Young, scruffy, motorcycle-riding Dominic (Félix-Antoine Duval) can’t stop taking photographs of himself, a trait that will eventually prompt another character in the new film Saint-Narcisse to wonder, “Who does that?” These days, just about everyone, but in 1972, Dominic and his Polaroid camera are a peculiarity, akin to a sexual fetish. Coming out of a Quebec bar one night, Dominic keeps pausing to hold the Polaroid camera up to his face. He then hands the instant photos to passing strangers, including a prostitute who warns, “If you want to live a long life, handsome, never try to know yourself.”
Since Saint-Narcisse is a film from Canadian queercore artist and filmmaker Bruce LaBruce (Hustler White, L.A. Zombie), it’s a sure bet Dominic will not only come to know himself but also break a few sexual taboos along the way, with a healthy dose of religious blasphemy thrown in for flavor. LaBruce always mixes a heady brew, but this time, working with a gifted lead and superb production values, his outrageous turns of plot land with a surprising emotional resonance.
When his grandmother (Angele Coutu) dies, Dominic discovers a letter from his mother, Beatrice (Tania Kontoyanni), whom he’d always thought to be dead. Following the letter’s postmark, Dominic arrives in the parish town of Saint-Narcisse where he encounters a group of young monks, one of whom, Daniel (also played by Duval), appears to be his exact twin, and a figure Dominic has been dreaming about. Dominic soon meets his mysterious mother, and her beautiful companion Irene (Alexandra Petrachuk), but quickly circles back to the monastery to spy on Daniel.
Things happen, including: Irene comes on to Dominic, who isn’t interested. Dominic shaves his head like Daniel’s and then masturbates to his own Polaroid selfies (as one does). At the monastery, Daniel is put into a wedding dress, tied to a cross, and sexually tortured by his longtime abuser, Father Andrew (an exquisitely overwrought Andreas Apergis).

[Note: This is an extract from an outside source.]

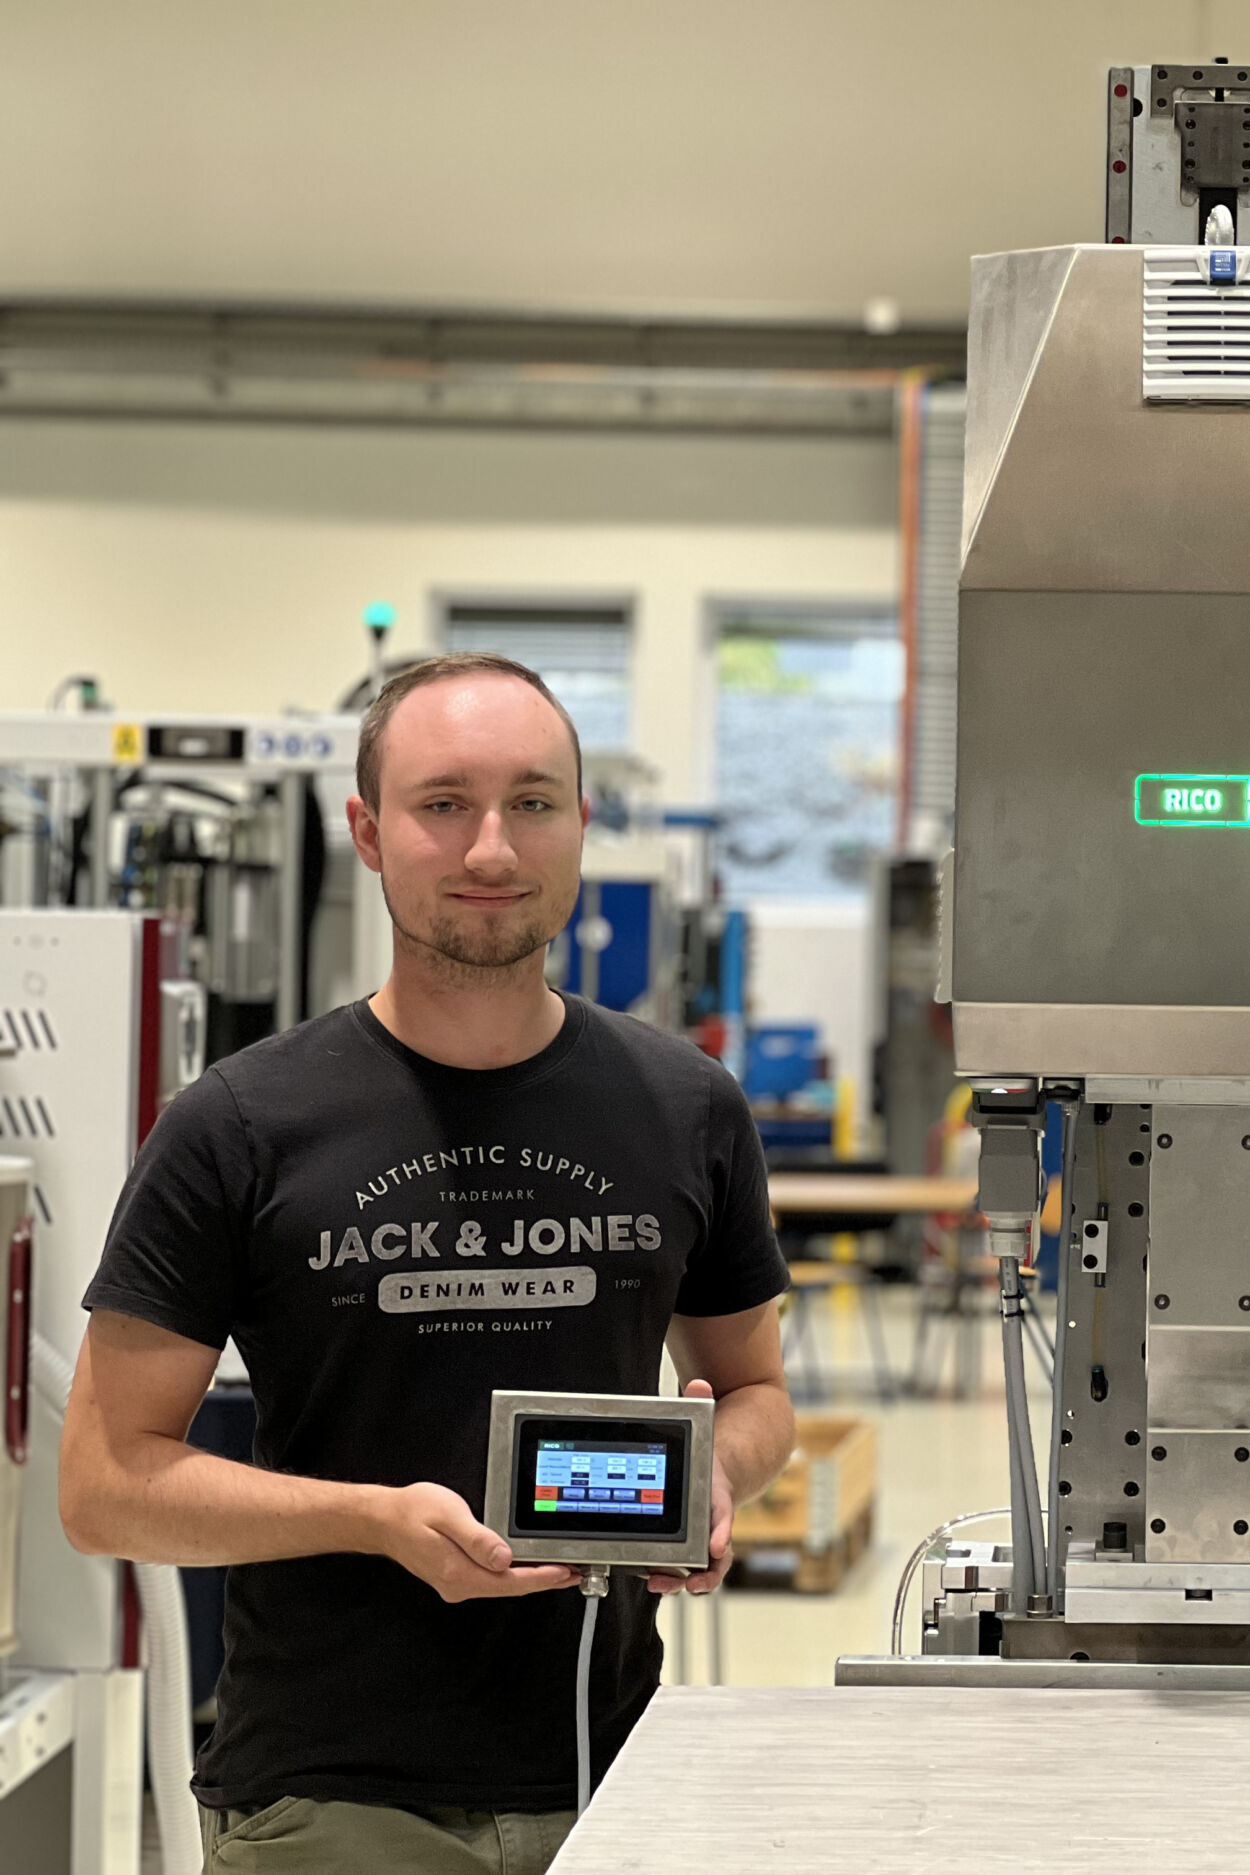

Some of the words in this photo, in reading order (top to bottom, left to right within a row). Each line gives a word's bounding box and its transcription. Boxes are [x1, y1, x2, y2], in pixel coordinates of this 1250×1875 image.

Yes, Dominic and Daniel do finally meet, face to face too, and sparks fly.
The twins’ moment of sexual combustion is brief but well-staged and calls to mind the fireside wrestling match between Oliver Reed and Alan Bates in Women in Love (1969). Technically, Dominic and Daniel getting naked together is more provocative than two guy pals wrestling — the working title for Saint-Narcisse was Twincest — and yet, there’s a moving sense of healing to the twins’ encounter.

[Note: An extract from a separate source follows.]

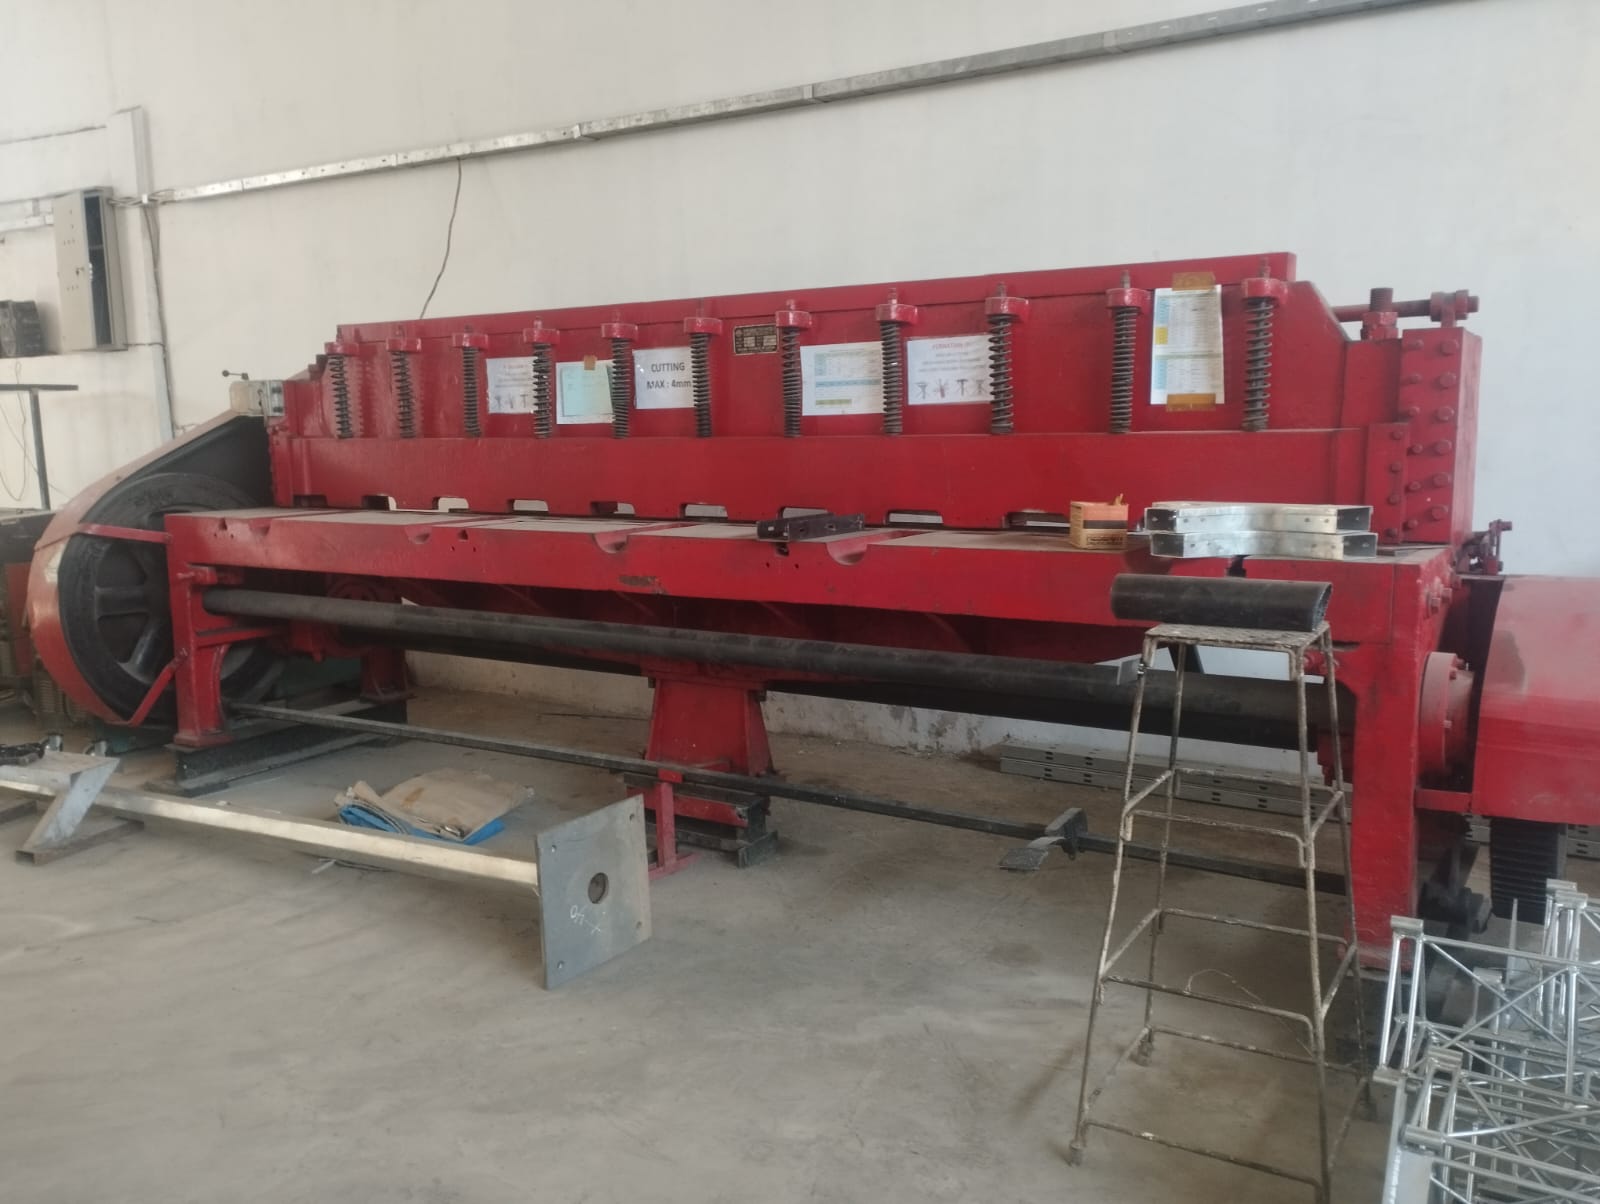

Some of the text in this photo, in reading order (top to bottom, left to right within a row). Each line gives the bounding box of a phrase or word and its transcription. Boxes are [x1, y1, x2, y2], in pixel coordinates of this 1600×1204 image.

[651, 362, 686, 373] CUTTING
[647, 380, 665, 389] MAX
[671, 379, 692, 388] 4mm

The scene arrives late in the film and only after Duval, making an impressive feature debut, has created two distinct characters. His line readings as Dominic, in fact, are more convincing than those as Daniel, which strengthens the conceit that the roles are being played by two different actors.
As unexpected new liaisons emerge and old ones fall apart, LaBruce strains to create action finale suspense but his timing is off. It’s a minor stumble in a film that’s gripping, subversively sexy, and melodramatically nutty when it needs to be.
In the end, the master of queer punk transgression leaves us wondering: who’s in love with whom exactly? And why do we need to know? LaBruce seems to suggest that not asking these questions might be the wiser and more liberating path.